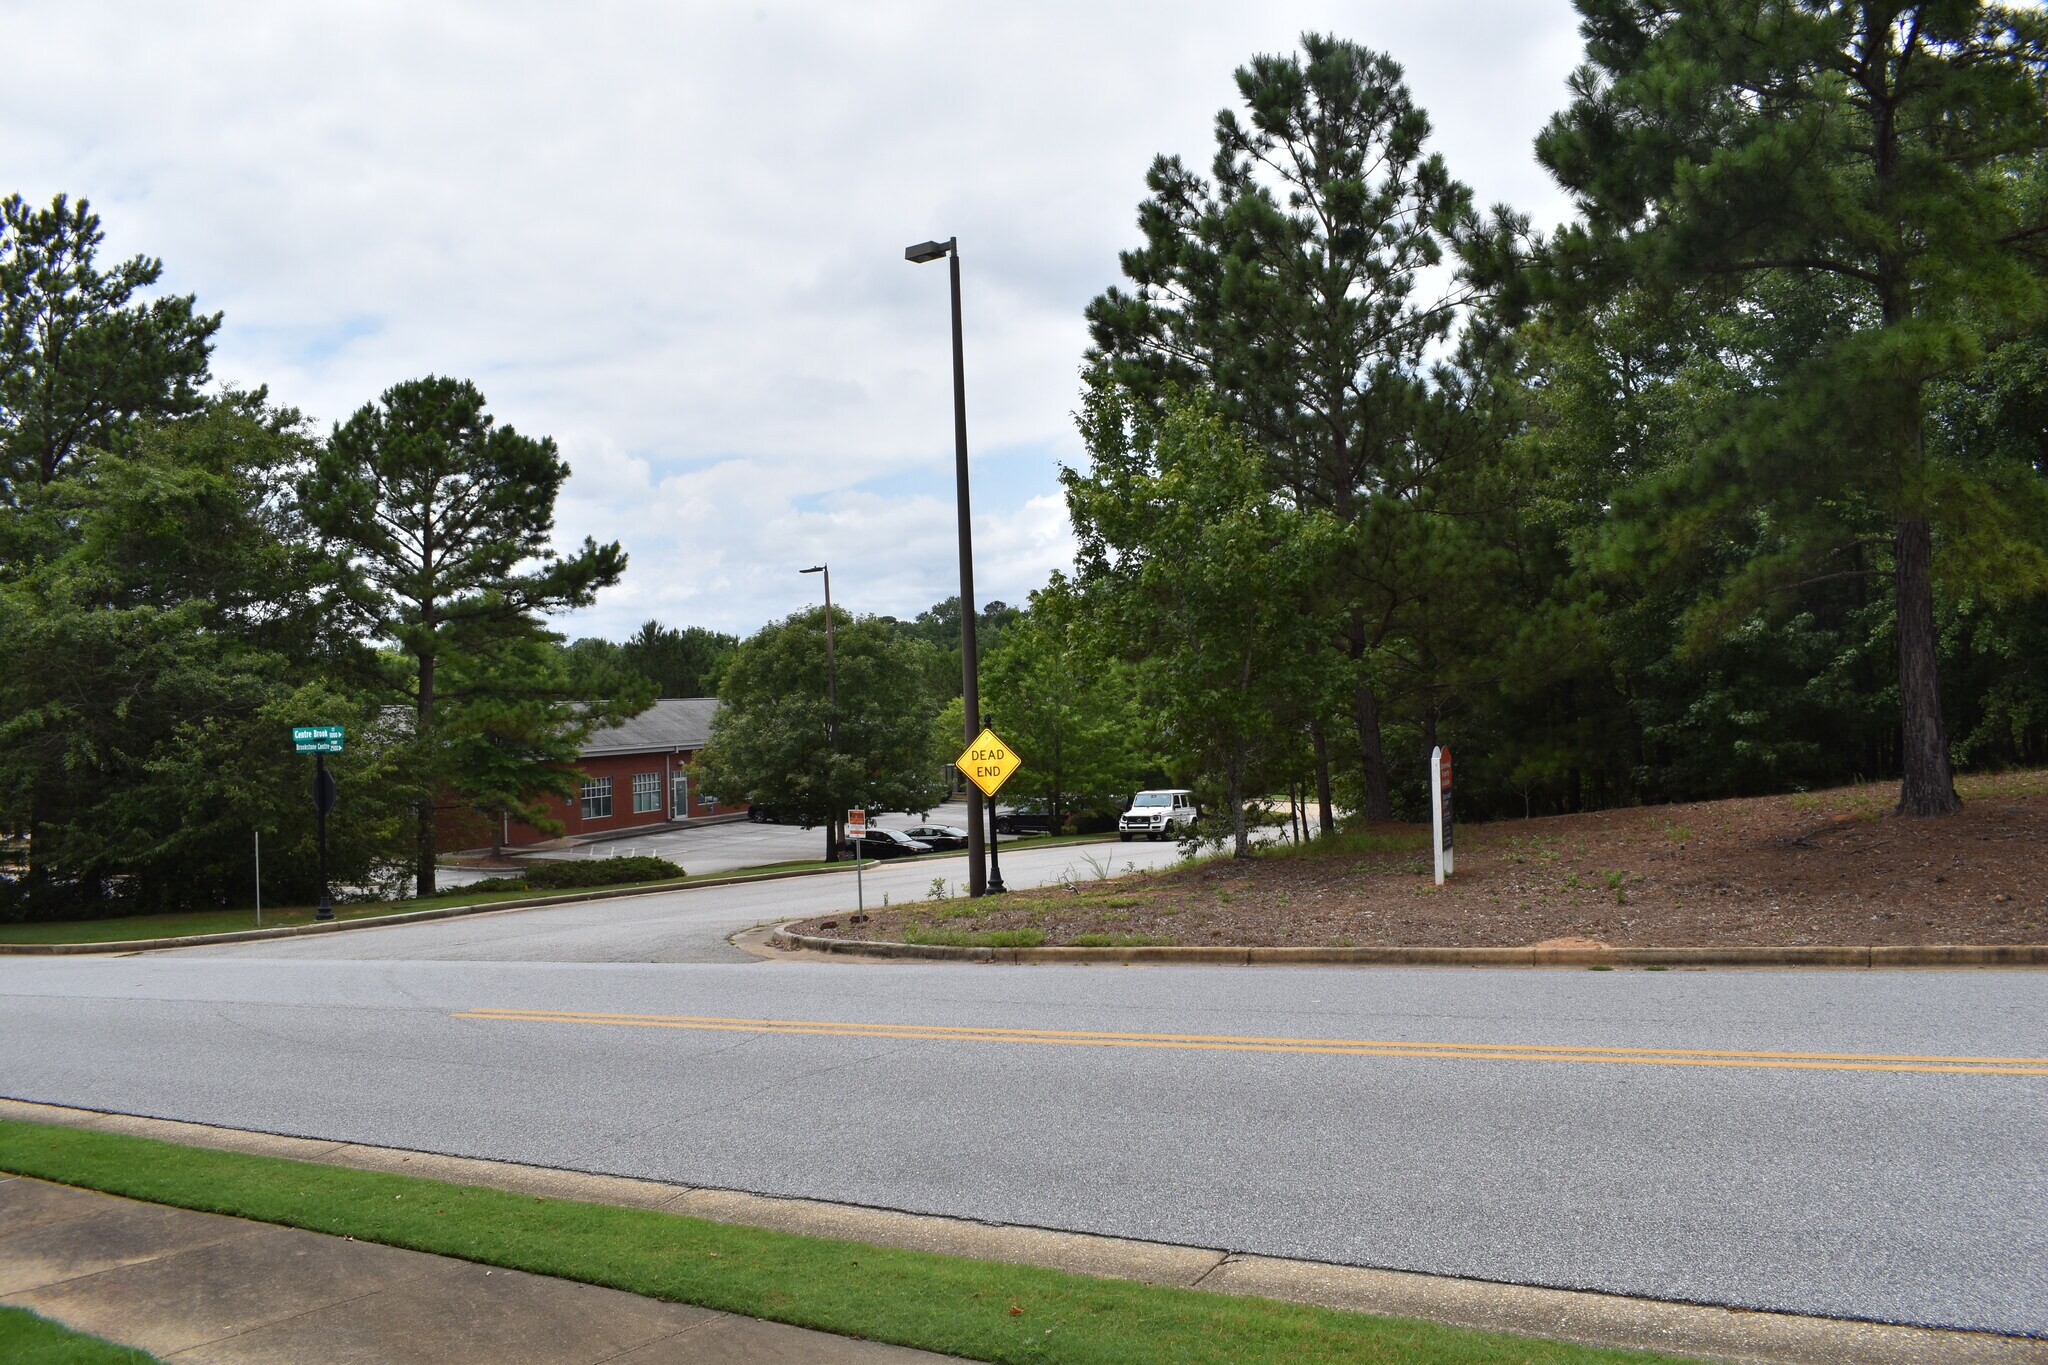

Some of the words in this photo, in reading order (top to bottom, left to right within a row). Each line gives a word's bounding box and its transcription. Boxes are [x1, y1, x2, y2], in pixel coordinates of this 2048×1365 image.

[313, 730, 328, 738] Brook
[971, 750, 1004, 760] DEAD
[977, 766, 1001, 777] END
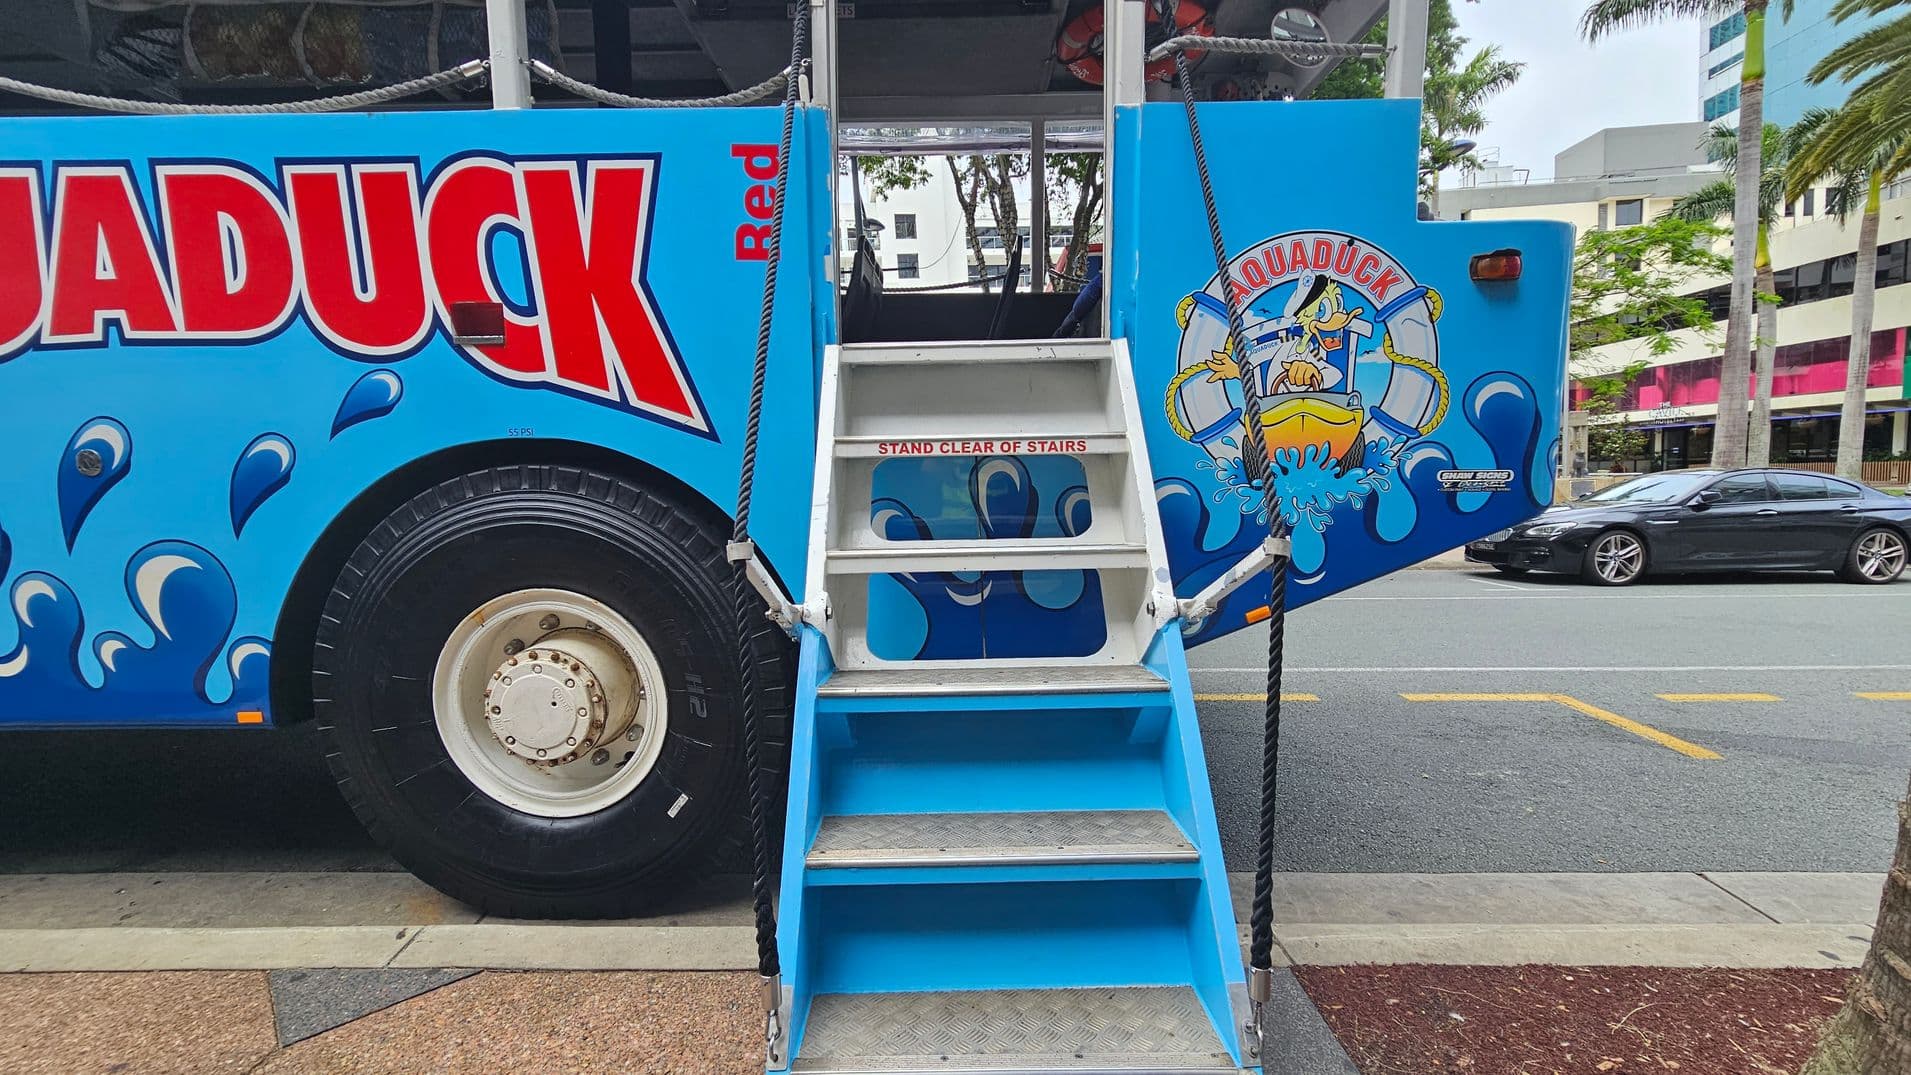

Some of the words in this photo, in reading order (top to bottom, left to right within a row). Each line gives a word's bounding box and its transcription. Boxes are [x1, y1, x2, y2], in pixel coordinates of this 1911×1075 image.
-------
AIM OF THE TASK:
Your copy of the listing should match it exactly, apart from the pictures, which are left out.

TASK SOLUTION:
Some of the words in this photo, in reading order (top to bottom, left to right within a row). Each line gives a word's bounding box and its transcription. Boxes are [x1, y1, x2, y2], in pixel coordinates of this 2048×1365 image.

[313, 730, 328, 738] Brook
[971, 750, 1004, 760] DEAD
[977, 766, 1001, 777] END

Some of the words in this photo, in reading order (top to bottom, left to right within a row). Each line gives a word's bounding box and its transcription. Boxes are [x1, y1, x2, y2], in pixel coordinates of this 1911×1075 image.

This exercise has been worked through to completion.